▶ What is needed
No pictures belong in the answer. Repeat all the entries exactly.

Image-backed grounding data
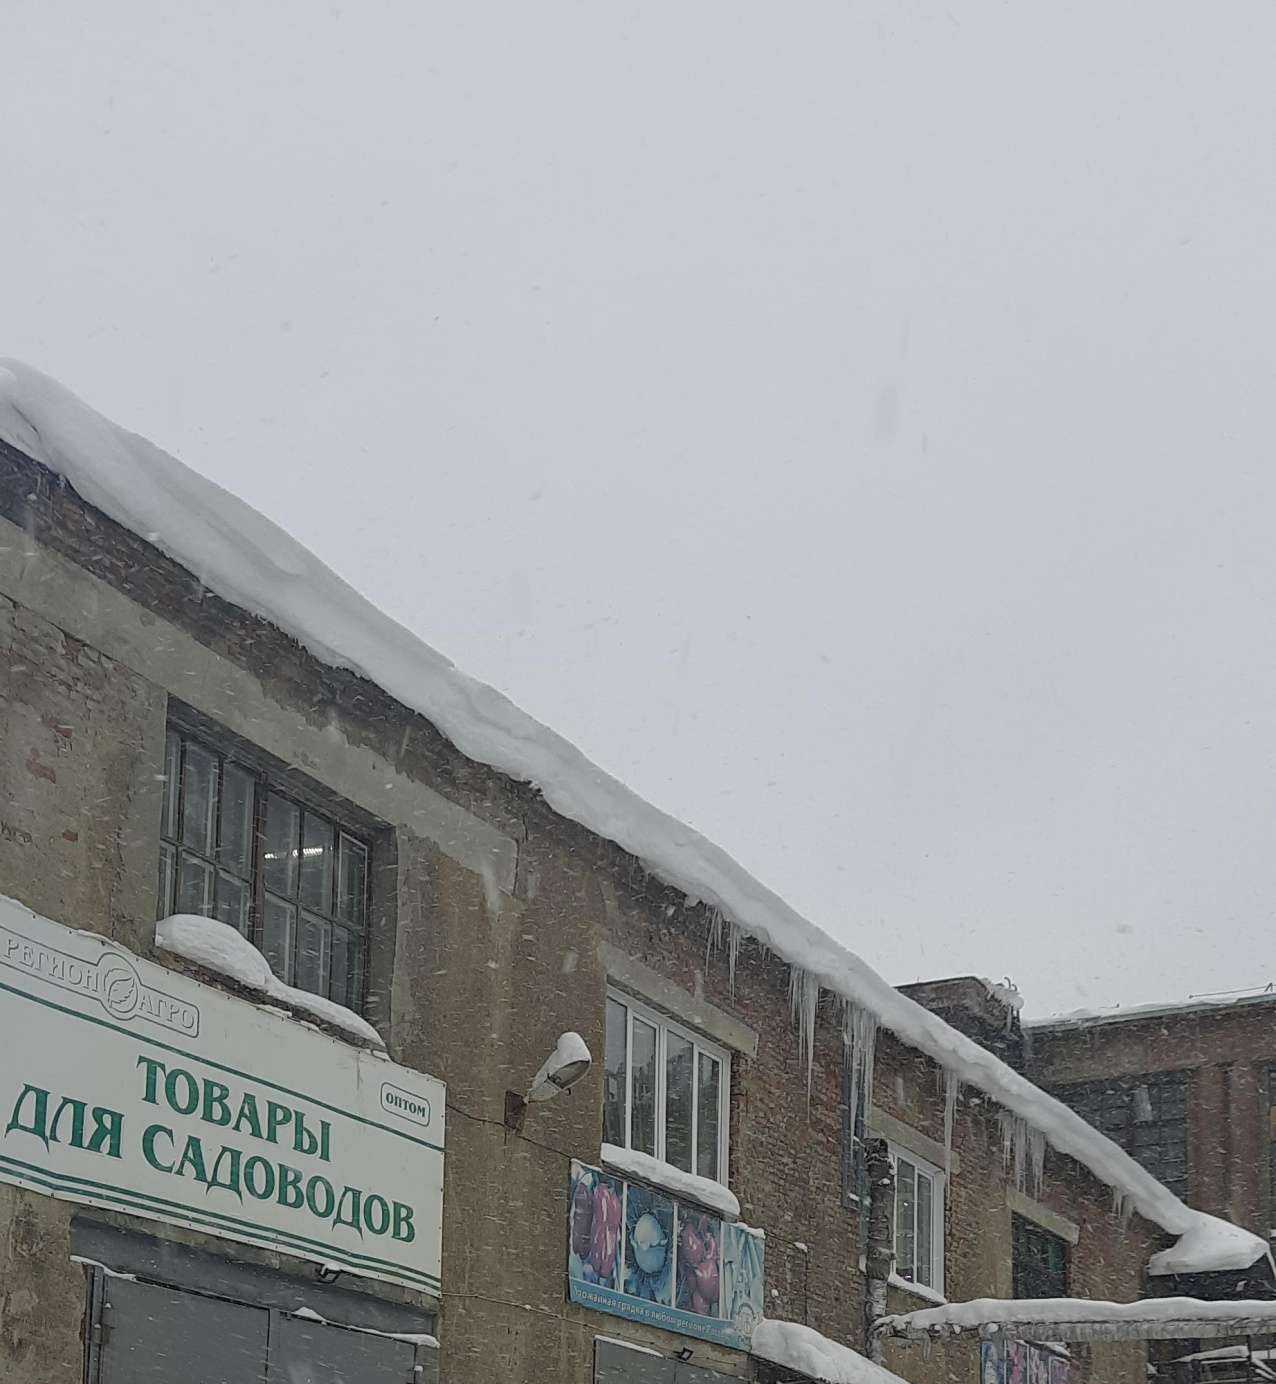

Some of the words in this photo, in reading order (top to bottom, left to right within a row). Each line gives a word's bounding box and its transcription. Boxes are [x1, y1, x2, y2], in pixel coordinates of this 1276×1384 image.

[138, 994, 195, 1029] АГРО
[136, 1054, 332, 1163] ТОВАРЫ
[4, 1083, 125, 1159] ДЛЯ
[141, 1123, 417, 1245] САДОВОДОВ
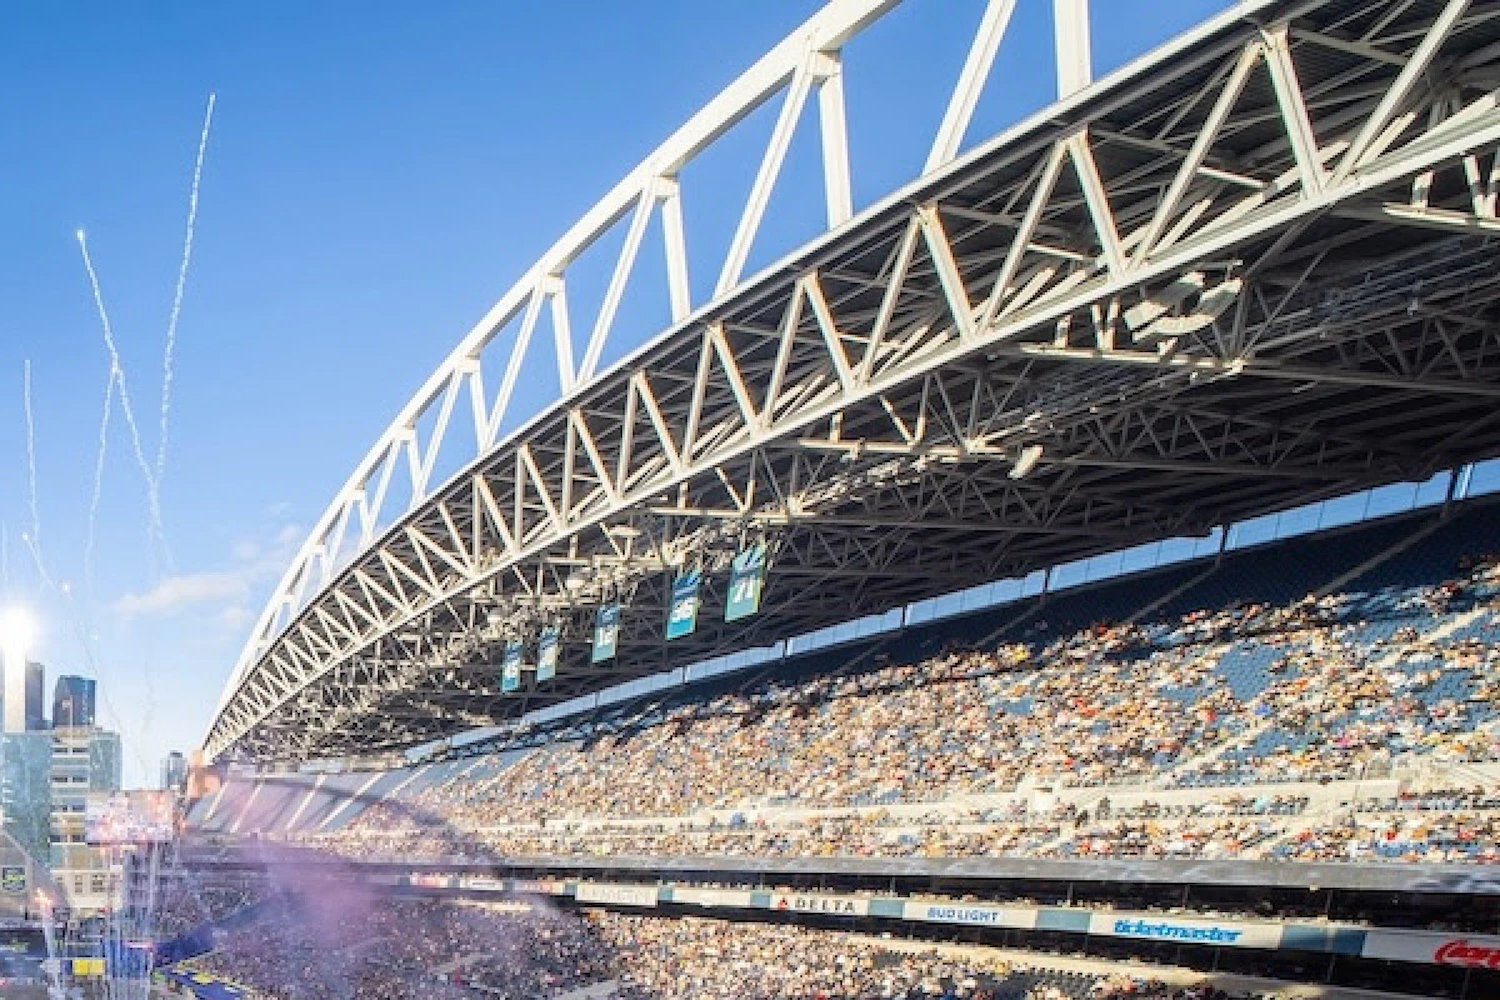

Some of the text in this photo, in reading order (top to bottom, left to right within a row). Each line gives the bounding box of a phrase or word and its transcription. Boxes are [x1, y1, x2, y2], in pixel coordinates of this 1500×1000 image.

[794, 898, 855, 912] DELTA
[926, 906, 999, 923] BUD LIGHT
[1114, 919, 1242, 942] ticketmaster
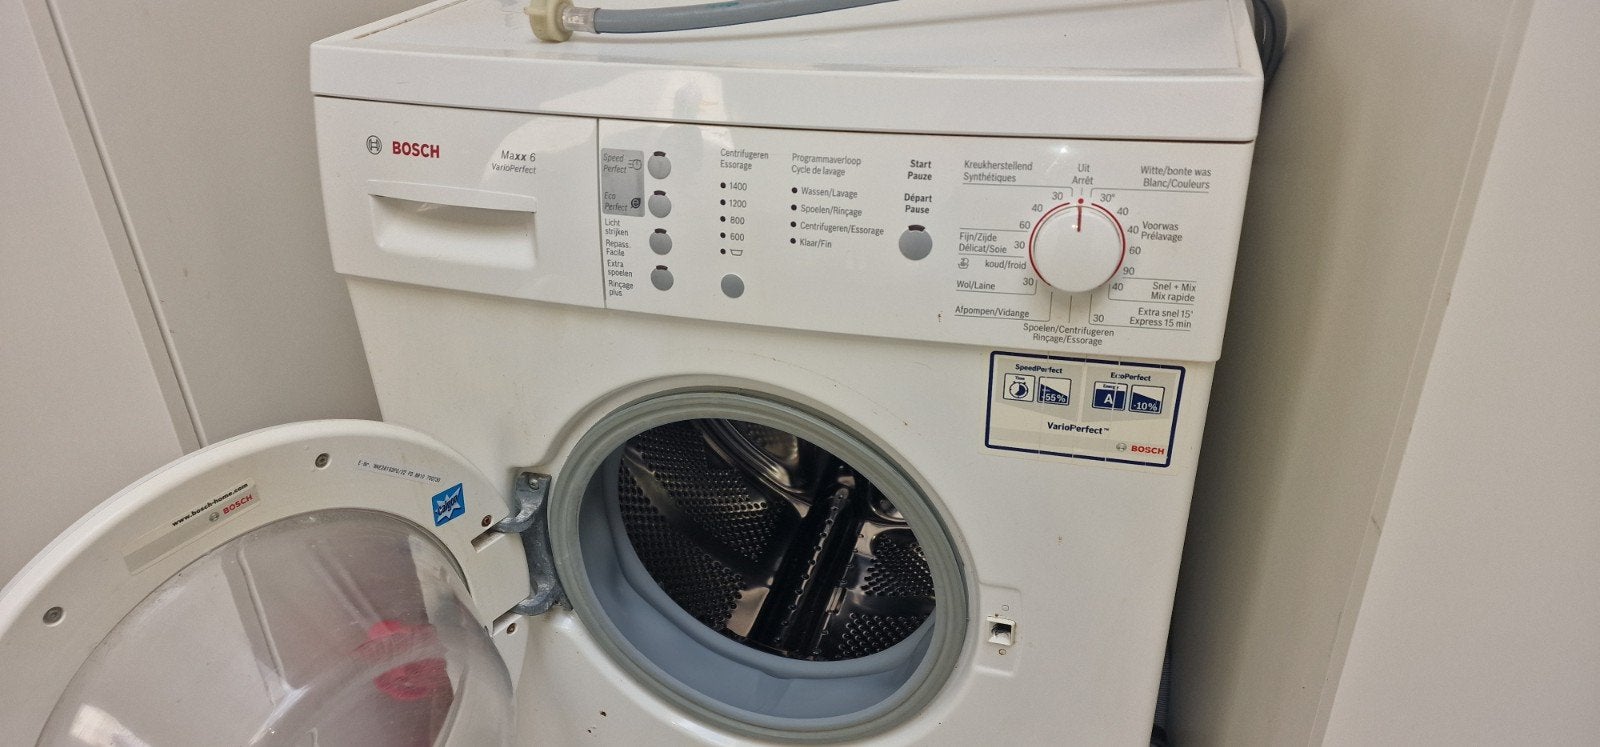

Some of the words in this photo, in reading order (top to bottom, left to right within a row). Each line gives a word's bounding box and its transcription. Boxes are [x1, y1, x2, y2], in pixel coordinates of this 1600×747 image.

[393, 141, 440, 158] BOSCH
[720, 148, 769, 160] Centrifugeren
[501, 150, 527, 161] Maxx
[530, 152, 536, 162] 6
[603, 152, 625, 163] Speed
[792, 153, 862, 166] Programmaverloop
[491, 163, 536, 174] VarioPerfect
[720, 159, 753, 171] Essorage
[910, 159, 932, 169] Start
[964, 160, 1033, 171] Kreukherstellend
[1077, 164, 1090, 173] Uit
[603, 165, 627, 174] Perfect
[791, 165, 810, 174] Cycle
[812, 166, 822, 175] de
[822, 167, 846, 177] lavage
[1141, 165, 1193, 177] Witte/bonte
[1194, 169, 1212, 177] was
[907, 171, 933, 181] Pauze
[963, 172, 1016, 183] Synthétiques
[1072, 176, 1094, 185] Arrêt
[730, 182, 748, 191] 1400
[1143, 178, 1210, 189] Blanc/Couleurs
[604, 192, 616, 200] Eco
[801, 187, 858, 199] Wassen/Lavage
[904, 192, 933, 203] Départ
[1052, 191, 1063, 200] 30
[604, 203, 628, 211] Perfect
[729, 199, 747, 208] 1200
[1031, 204, 1043, 213] 40
[801, 205, 862, 218] Spoelen/Rinçage
[905, 205, 930, 214] Pause
[1116, 207, 1129, 216] 40
[605, 218, 620, 226] Licht
[730, 216, 745, 225] 800
[1019, 221, 1031, 230] 60
[800, 222, 884, 236] Centrifugeren/Essorage
[1127, 225, 1139, 234] 40
[1142, 221, 1179, 231] Voorwas
[605, 228, 629, 237] strijken
[730, 233, 745, 241] 600
[959, 232, 997, 242] Fijn/Zijde
[1141, 231, 1183, 242] Prélavage
[800, 238, 832, 248] Klaar/Fin
[1014, 241, 1025, 249] 30
[606, 248, 625, 256] Facile
[958, 243, 1007, 254] Délicat/Soie
[1129, 246, 1141, 255] 60
[607, 260, 624, 268] Extra
[985, 259, 1027, 270] koud/froid
[608, 270, 633, 278] spoelen
[1123, 266, 1135, 275] 90
[609, 280, 634, 290] Rinçage
[956, 280, 996, 290] Wol/Laine
[1022, 277, 1034, 286] 30
[1112, 282, 1124, 291] 40
[1152, 281, 1172, 291] Snel
[1181, 283, 1197, 292] Mix
[609, 289, 623, 297] plus
[1151, 291, 1166, 300] Mix
[1168, 293, 1195, 302] rapide
[955, 305, 1030, 319] Afpompen/Vidange
[1138, 307, 1160, 317] Extra
[1162, 309, 1180, 318] snel
[1093, 314, 1105, 323] 30
[1130, 316, 1163, 327] Express
[1164, 318, 1175, 328] 15
[1176, 319, 1192, 328] min
[1023, 322, 1115, 337] Spoelen/Centrifugeren
[1033, 333, 1103, 346] Rinçage/Essorage
[1015, 363, 1063, 374] SpeedPerfect
[1103, 393, 1113, 405] A
[1133, 401, 1158, 411] -10%
[1131, 445, 1165, 455] BOSCH
[172, 483, 249, 527] www.bosch-home.com
[222, 494, 254, 515] BOSCH
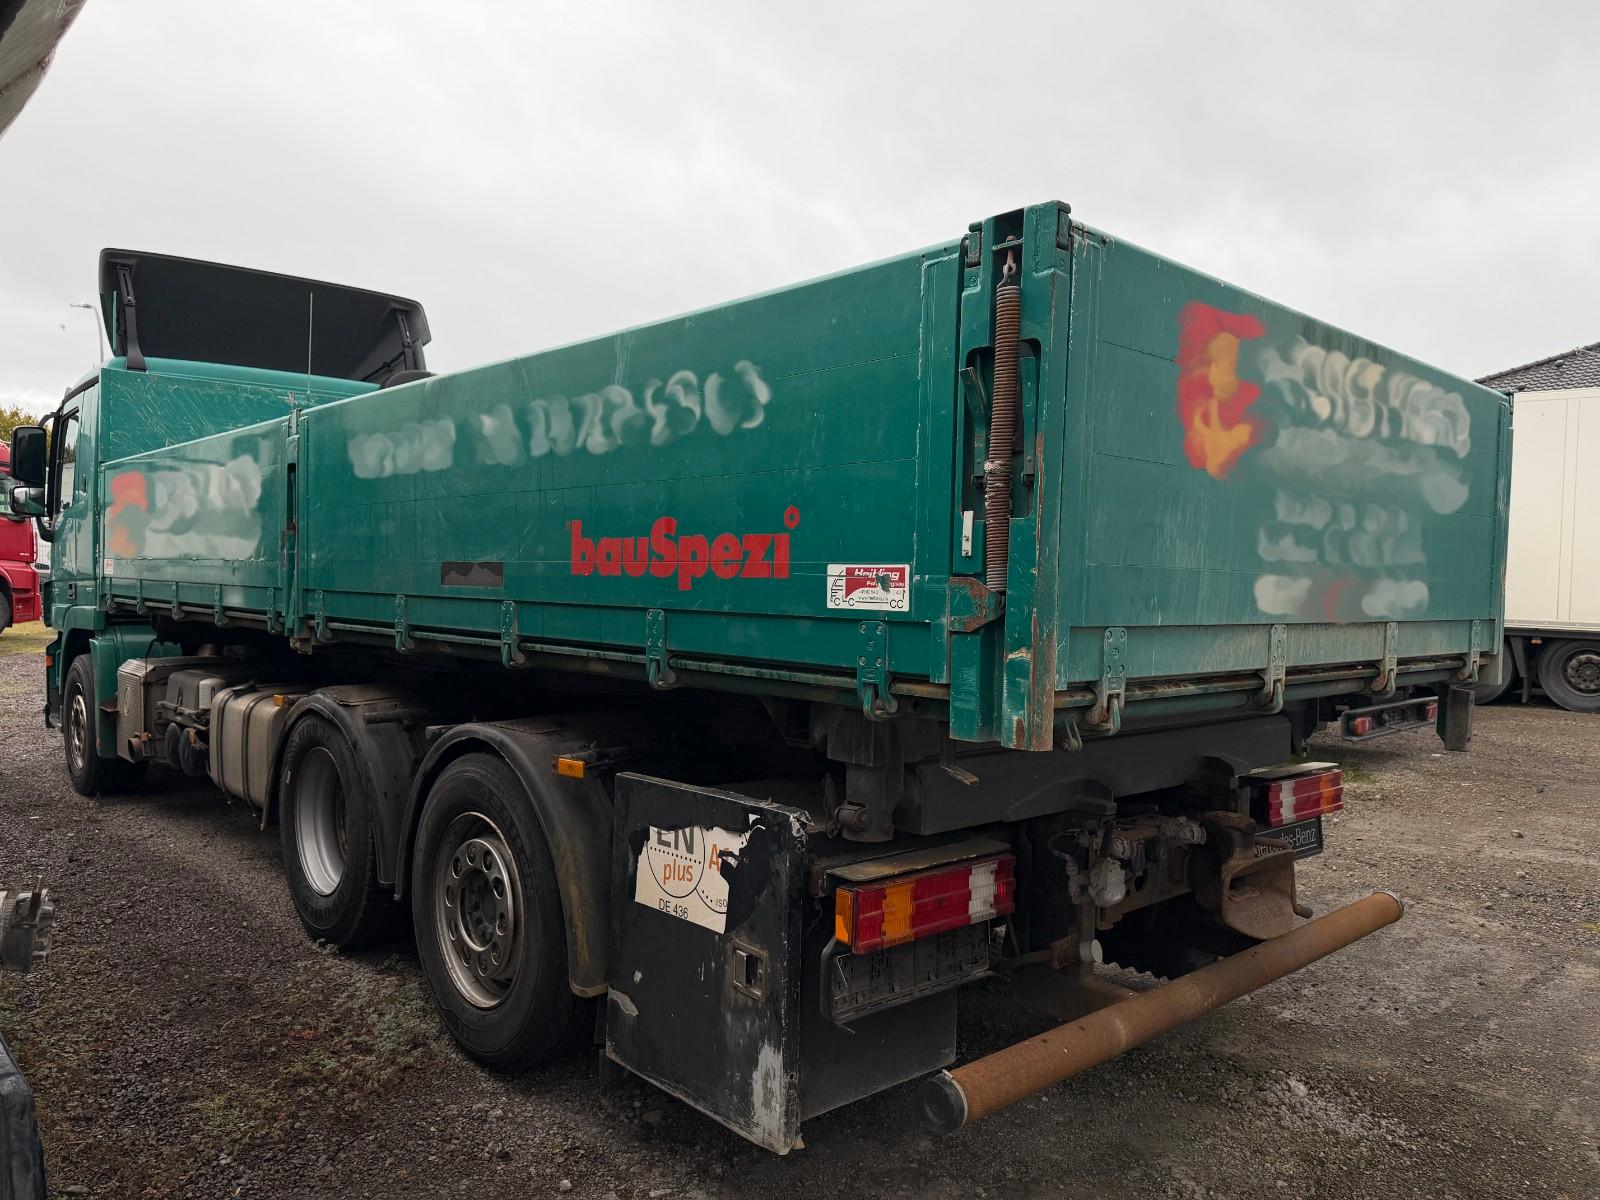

▶ Task solution
Some of the words in this photo, in reading order (top to bottom, left to right within a row). Each line gives a word's bounding box and its transcription. Boxes are [x1, y1, x2, y2], in pixel coordinates of this 1276×1384 image.

[138, 994, 195, 1029] АГРО
[136, 1054, 332, 1163] ТОВАРЫ
[4, 1083, 125, 1159] ДЛЯ
[141, 1123, 417, 1245] САДОВОДОВ

Some of the text in this photo, in reading order (top to bottom, left to right within a row). Each line gives the bounding box of a phrase or word and its transcription. Boxes are [x1, y1, x2, y2], in pixel coordinates of this 1500×1000 image.

[794, 898, 855, 912] DELTA
[926, 906, 999, 923] BUD LIGHT
[1114, 919, 1242, 942] ticketmaster

Some of the words in this photo, in reading order (top to bottom, left to right within a row). Each line gives a word's bounding box and its transcription. Boxes are [x1, y1, x2, y2], in pixel coordinates of this 1600×747 image.

[393, 141, 440, 158] BOSCH
[720, 148, 769, 160] Centrifugeren
[501, 150, 527, 161] Maxx
[530, 152, 536, 162] 6
[603, 152, 625, 163] Speed
[792, 153, 862, 166] Programmaverloop
[491, 163, 536, 174] VarioPerfect
[720, 159, 753, 171] Essorage
[910, 159, 932, 169] Start
[964, 160, 1033, 171] Kreukherstellend
[1077, 164, 1090, 173] Uit
[603, 165, 627, 174] Perfect
[791, 165, 810, 174] Cycle
[812, 166, 822, 175] de
[822, 167, 846, 177] lavage
[1141, 165, 1193, 177] Witte/bonte
[1194, 169, 1212, 177] was
[907, 171, 933, 181] Pauze
[963, 172, 1016, 183] Synthétiques
[1072, 176, 1094, 185] Arrêt
[730, 182, 748, 191] 1400
[1143, 178, 1210, 189] Blanc/Couleurs
[604, 192, 616, 200] Eco
[801, 187, 858, 199] Wassen/Lavage
[904, 192, 933, 203] Départ
[1052, 191, 1063, 200] 30
[604, 203, 628, 211] Perfect
[729, 199, 747, 208] 1200
[1031, 204, 1043, 213] 40
[801, 205, 862, 218] Spoelen/Rinçage
[905, 205, 930, 214] Pause
[1116, 207, 1129, 216] 40
[605, 218, 620, 226] Licht
[730, 216, 745, 225] 800
[1019, 221, 1031, 230] 60
[800, 222, 884, 236] Centrifugeren/Essorage
[1127, 225, 1139, 234] 40
[1142, 221, 1179, 231] Voorwas
[605, 228, 629, 237] strijken
[730, 233, 745, 241] 600
[959, 232, 997, 242] Fijn/Zijde
[1141, 231, 1183, 242] Prélavage
[800, 238, 832, 248] Klaar/Fin
[1014, 241, 1025, 249] 30
[606, 248, 625, 256] Facile
[958, 243, 1007, 254] Délicat/Soie
[1129, 246, 1141, 255] 60
[607, 260, 624, 268] Extra
[985, 259, 1027, 270] koud/froid
[608, 270, 633, 278] spoelen
[1123, 266, 1135, 275] 90
[609, 280, 634, 290] Rinçage
[956, 280, 996, 290] Wol/Laine
[1022, 277, 1034, 286] 30
[1112, 282, 1124, 291] 40
[1152, 281, 1172, 291] Snel
[1181, 283, 1197, 292] Mix
[609, 289, 623, 297] plus
[1151, 291, 1166, 300] Mix
[1168, 293, 1195, 302] rapide
[955, 305, 1030, 319] Afpompen/Vidange
[1138, 307, 1160, 317] Extra
[1162, 309, 1180, 318] snel
[1093, 314, 1105, 323] 30
[1130, 316, 1163, 327] Express
[1164, 318, 1175, 328] 15
[1176, 319, 1192, 328] min
[1023, 322, 1115, 337] Spoelen/Centrifugeren
[1033, 333, 1103, 346] Rinçage/Essorage
[1015, 363, 1063, 374] SpeedPerfect
[1103, 393, 1113, 405] A
[1133, 401, 1158, 411] -10%
[1131, 445, 1165, 455] BOSCH
[172, 483, 249, 527] www.bosch-home.com
[222, 494, 254, 515] BOSCH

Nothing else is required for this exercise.